Workplace risk assessment

Workplace risk assessment may help prevent occupational skin problems. Employees should be taught about the physiological properties of skin and its vulnerability, and about agents that can cause dermatitis — including phytochemicals. Employers should have controls in place on the worksite to reduce chances of dermatitis and know what to do if an employee develops a skin condition.

If possible, a “zero contact” policy should be strived for.

  • Substitute products that cause dermatitis for ones that do not
  • Engineering controls like proper ventilation
  • Supply proper tools and personal protective equipment to increase employee safety.
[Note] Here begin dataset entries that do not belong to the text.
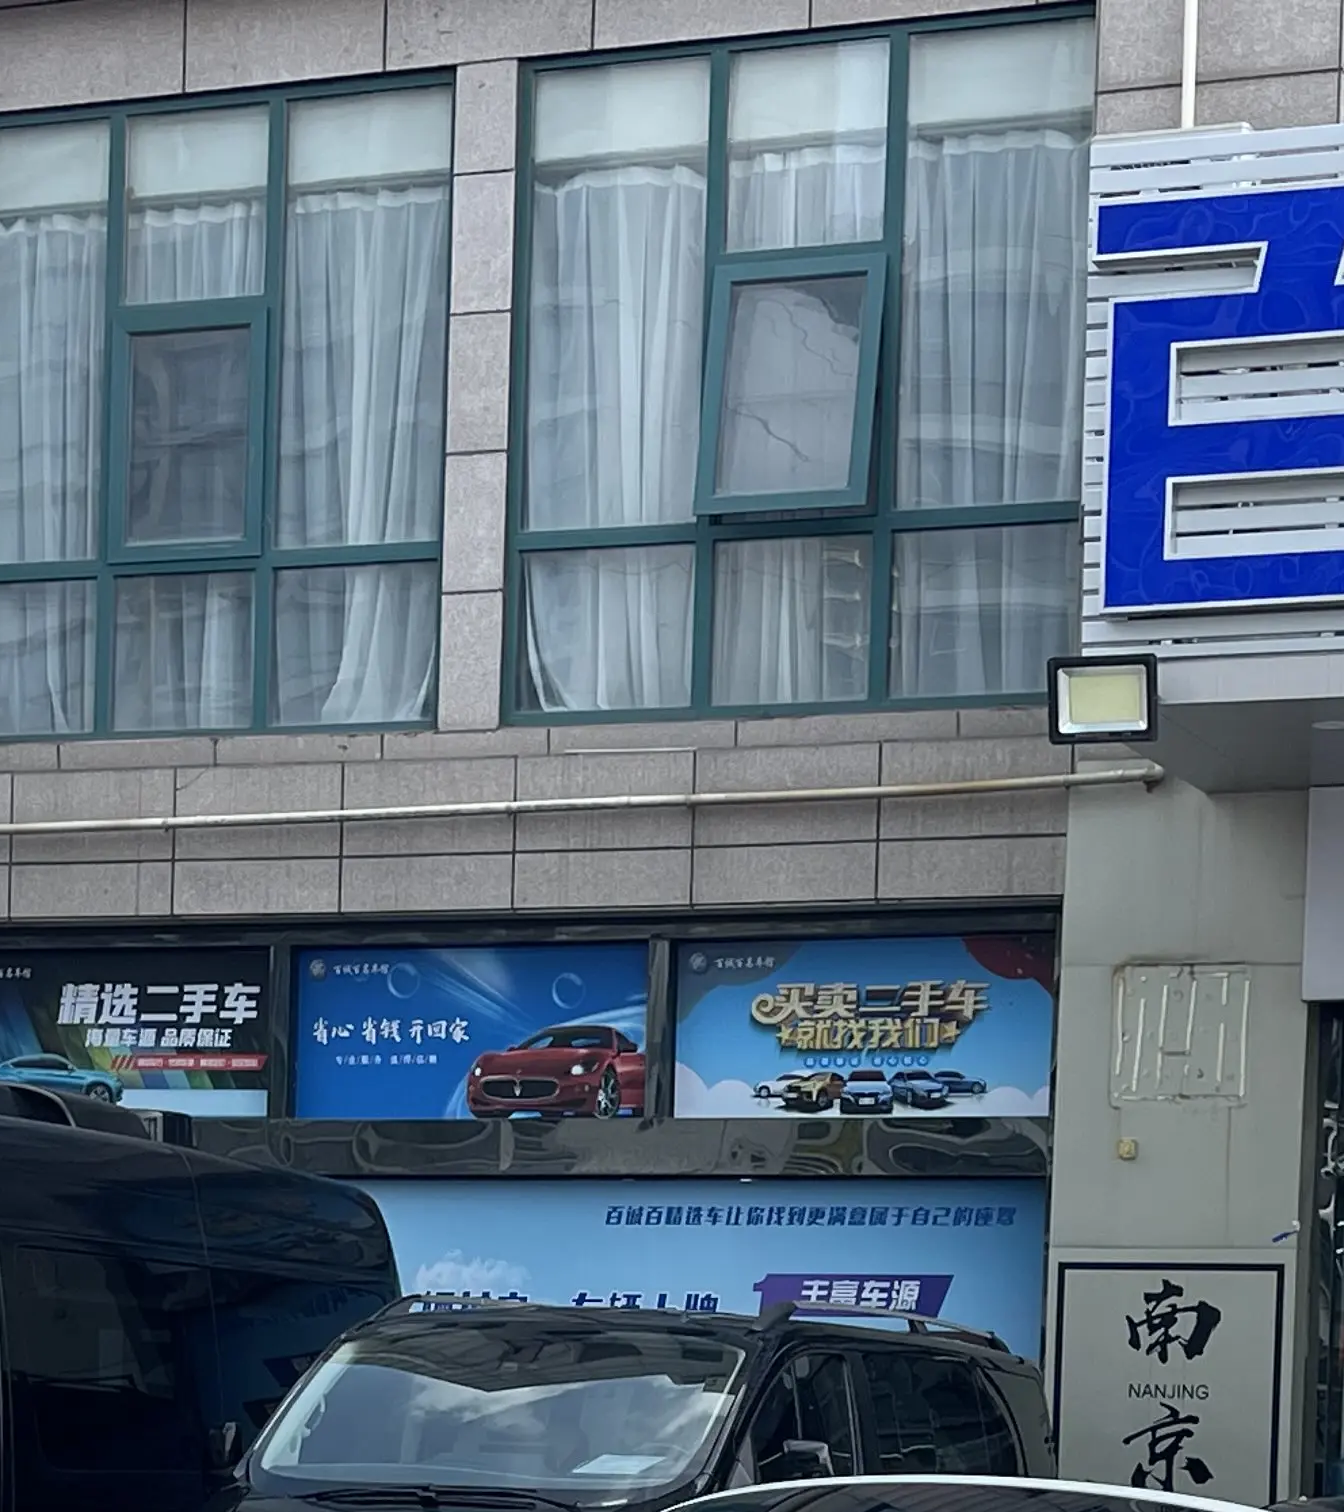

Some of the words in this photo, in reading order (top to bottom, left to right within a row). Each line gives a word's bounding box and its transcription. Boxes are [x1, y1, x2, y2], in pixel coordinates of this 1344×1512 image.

[57, 982, 261, 1025] 精选二手车
[753, 979, 992, 1024] 买卖二手车
[159, 1027, 234, 1048] 品质保证
[312, 1017, 355, 1045] 省心
[408, 1017, 470, 1044] 开回家
[795, 1017, 941, 1050] 就找我们
[800, 1279, 921, 1311] 丰富车源
[1125, 1278, 1222, 1364] 南
[1128, 1383, 1210, 1400] NANJING
[1121, 1402, 1215, 1492] 京
Personal protective equipment

Gloves are the most common form of personal protective equipment and, if used properly, can help to protect the skin against irritants and sensitisers.

Drawbacks to glove use include:

  • Employees must know what kind of glove is appropriate for what kind of work and the proper ways to inspect, don and dispose of the gloves
  • Employers may have to stock several different kinds of gloves for the workplace
  • The gloves themselves can cause contact urticaria (eg latex) or dermatitis (due to contact allergy to rubber accelerants).
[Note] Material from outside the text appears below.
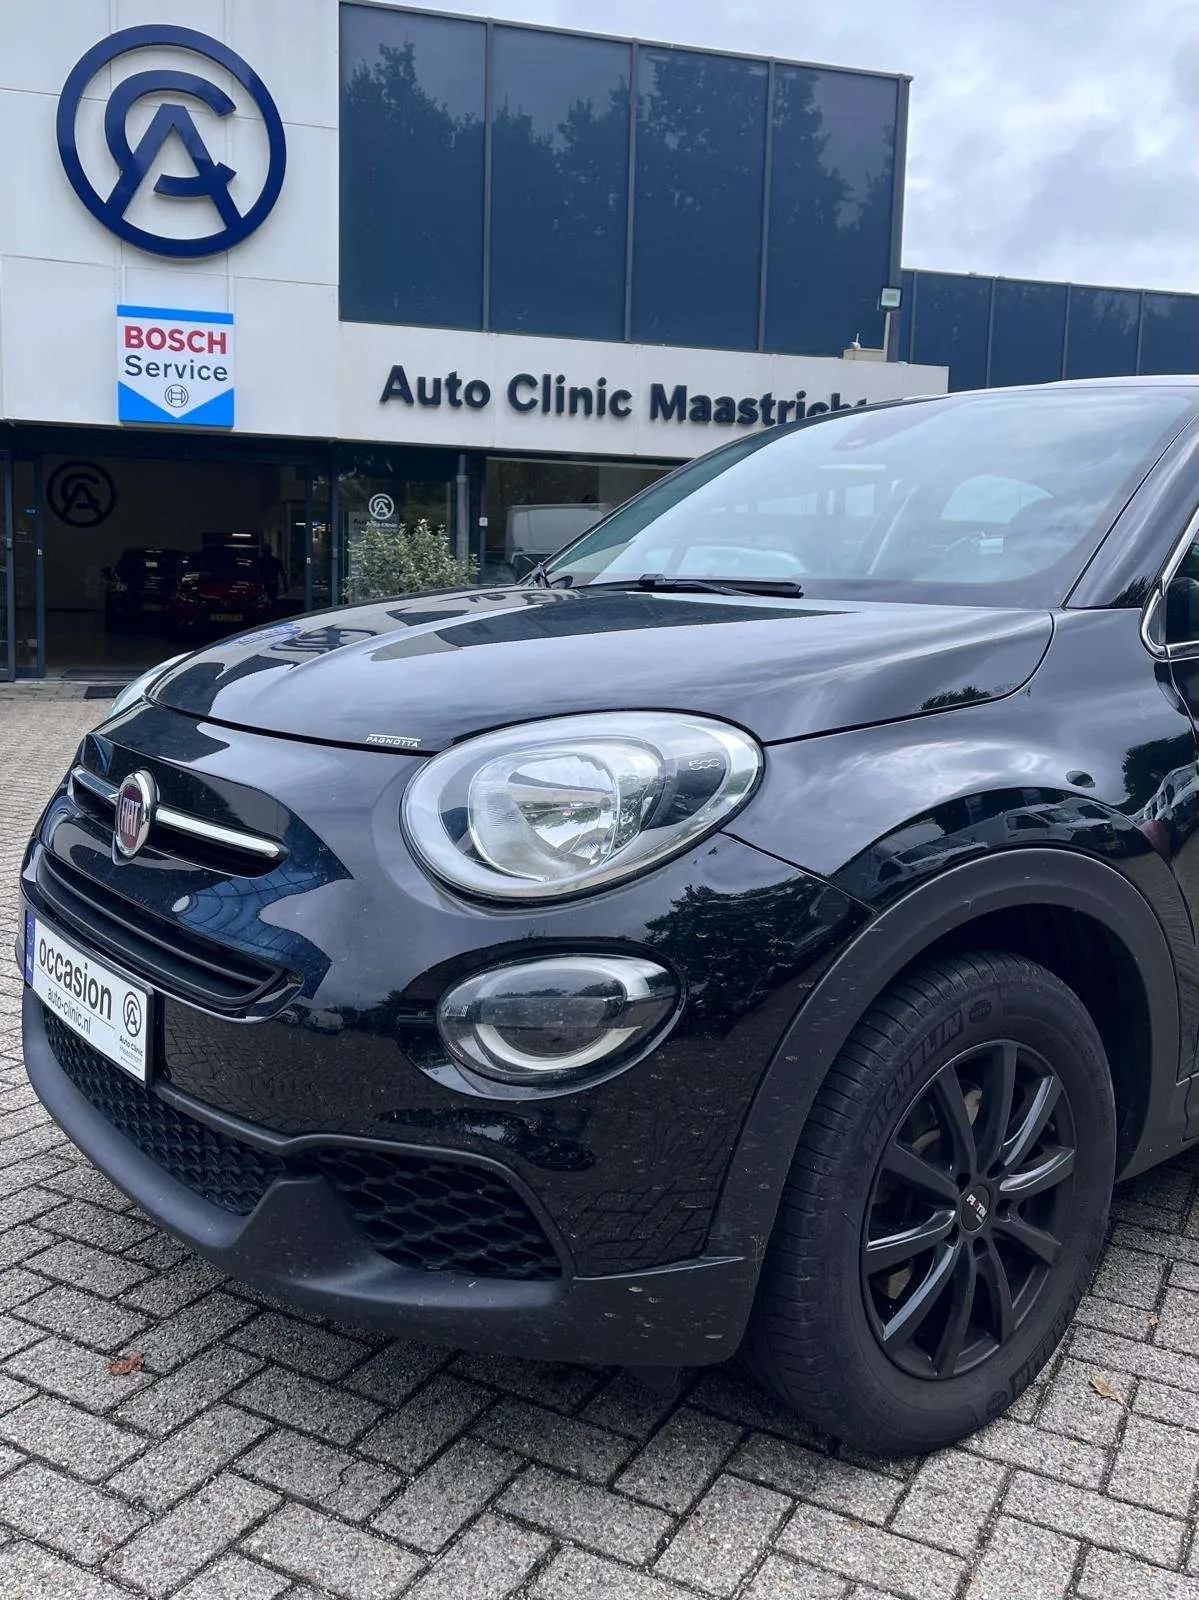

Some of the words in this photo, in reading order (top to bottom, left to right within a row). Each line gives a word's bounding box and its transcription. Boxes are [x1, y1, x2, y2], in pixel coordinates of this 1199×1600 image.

Hand care advice for florists

In order to take care of their hands, it is recommended that florists:

  • Use gloves when appropriate
  • Do not wear gloves for more than an hour at a time, especially disposables
  • Wash hands with mild soap or nonsoap cleanser as needed, and dry thoroughly but not roughly
  • May use lotions or creams as needed
  • Are advised to seek advice from a doctor if they develop dermatitis.

Diagnosis of occupational skin disease

Accurate diagnosis is based on meticulous patient history, knowledge of material data safety sheets, and patch testing to confirm contact allergic dermatitis.

Criteria for the diagnosis of occupational dermatitis include the following:

  • Clinical appearance of the rash
  • Possibility of workplace exposure to a potential irritant or allergen
  • Anatomical distribution of the rash consistent with exposure to an occupational contactant
  • Consistent time lapse between exposure and onset
  • Elimination of the likelihood of non-occupational exposure
  • Patch or provocation tests that implicate specific workforce exposure.